◆ **Work order**
What you return should match the data below exactly, with no pictures in it.

[Collected data]

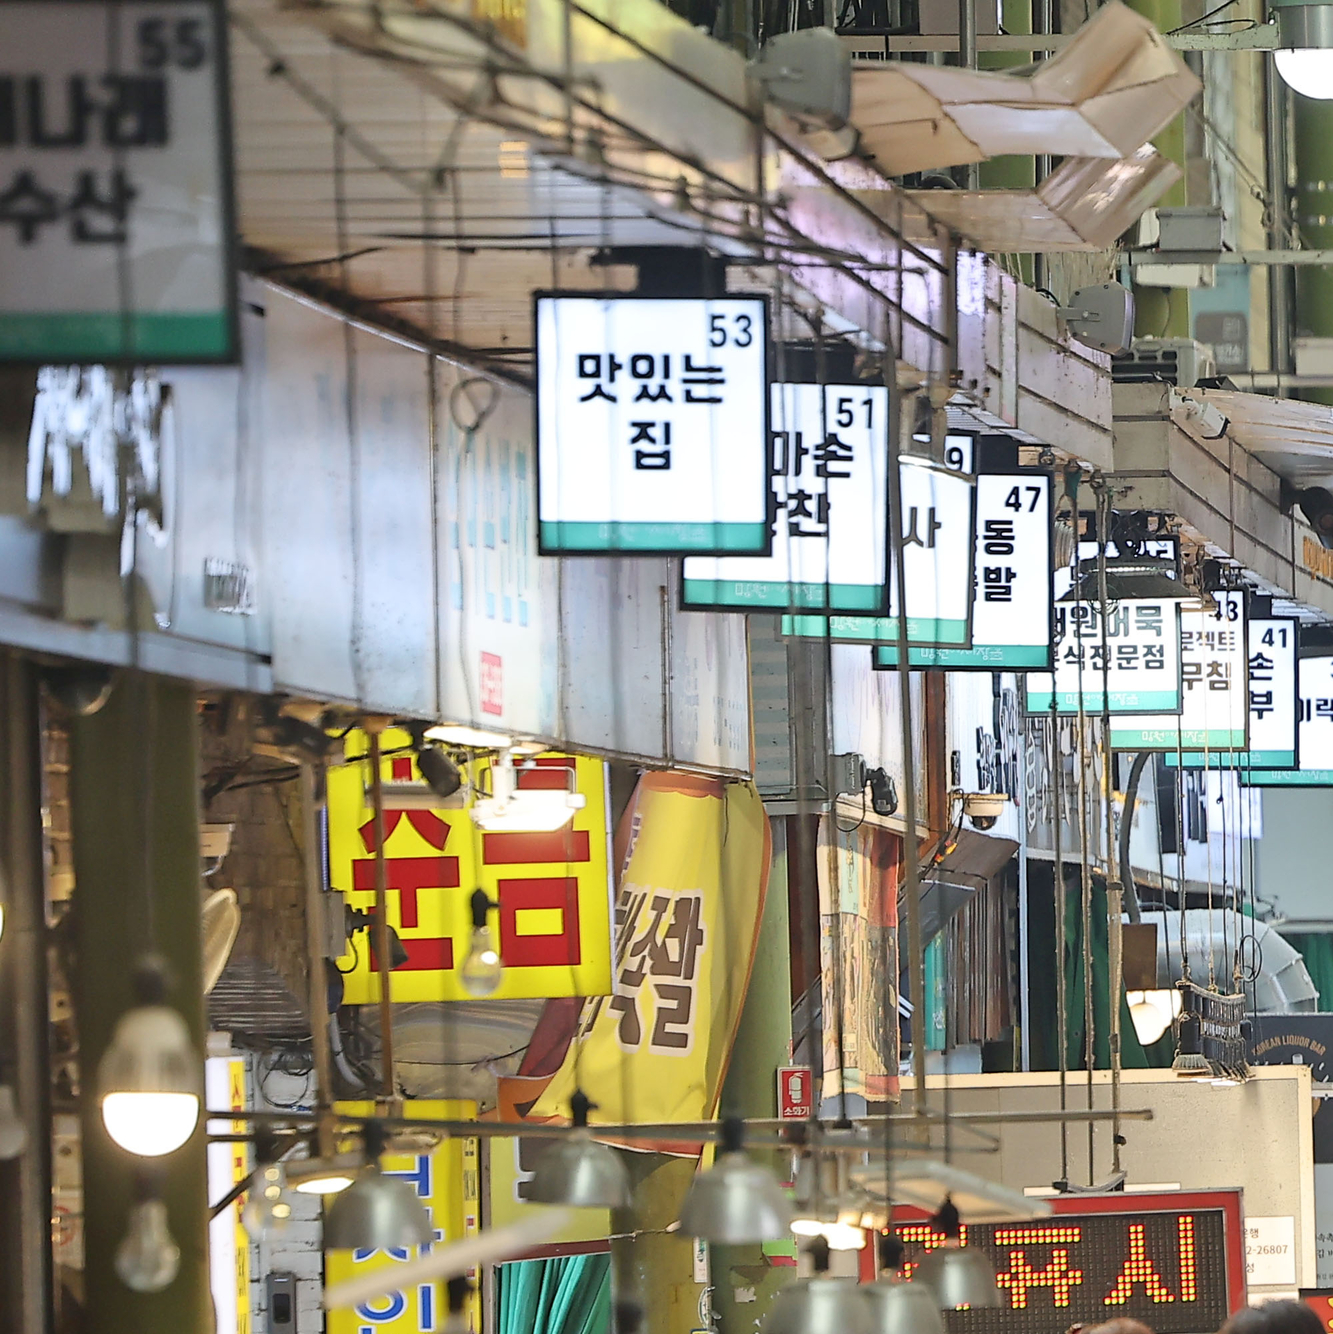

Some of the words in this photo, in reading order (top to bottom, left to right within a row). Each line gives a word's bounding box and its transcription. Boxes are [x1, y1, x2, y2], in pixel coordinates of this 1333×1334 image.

[137, 17, 206, 72] 55
[0, 170, 138, 245] 수산
[709, 314, 753, 349] 53
[577, 352, 726, 404] 맛있는
[836, 397, 874, 430] 51
[629, 420, 671, 471] 집
[1004, 485, 1042, 513] 47
[982, 518, 1016, 556] 동
[982, 566, 1018, 603] 발
[1260, 627, 1288, 649] 41
[1052, 643, 1165, 672] 식전문점
[352, 757, 591, 973] 순금
[1282, 1034, 1311, 1049] LIQUOR
[1309, 1039, 1327, 1057] BAR
[783, 1106, 811, 1117] 소화기

◆ **Written answer**
Some of the words in this photo, in reading order (top to bottom, left to right within a row). Each line gives a word's bounding box and its transcription. Boxes are [x1, y1, x2, y2], in pixel coordinates of this 1333×1334 image.

[137, 17, 206, 72] 55
[0, 170, 138, 245] 수산
[709, 314, 753, 349] 53
[577, 352, 726, 404] 맛있는
[836, 397, 874, 430] 51
[629, 420, 671, 471] 집
[1004, 485, 1042, 513] 47
[982, 518, 1016, 556] 동
[982, 566, 1018, 603] 발
[1260, 627, 1288, 649] 41
[1052, 643, 1165, 672] 식전문점
[352, 757, 591, 973] 순금
[1282, 1034, 1311, 1049] LIQUOR
[1309, 1039, 1327, 1057] BAR
[783, 1106, 811, 1117] 소화기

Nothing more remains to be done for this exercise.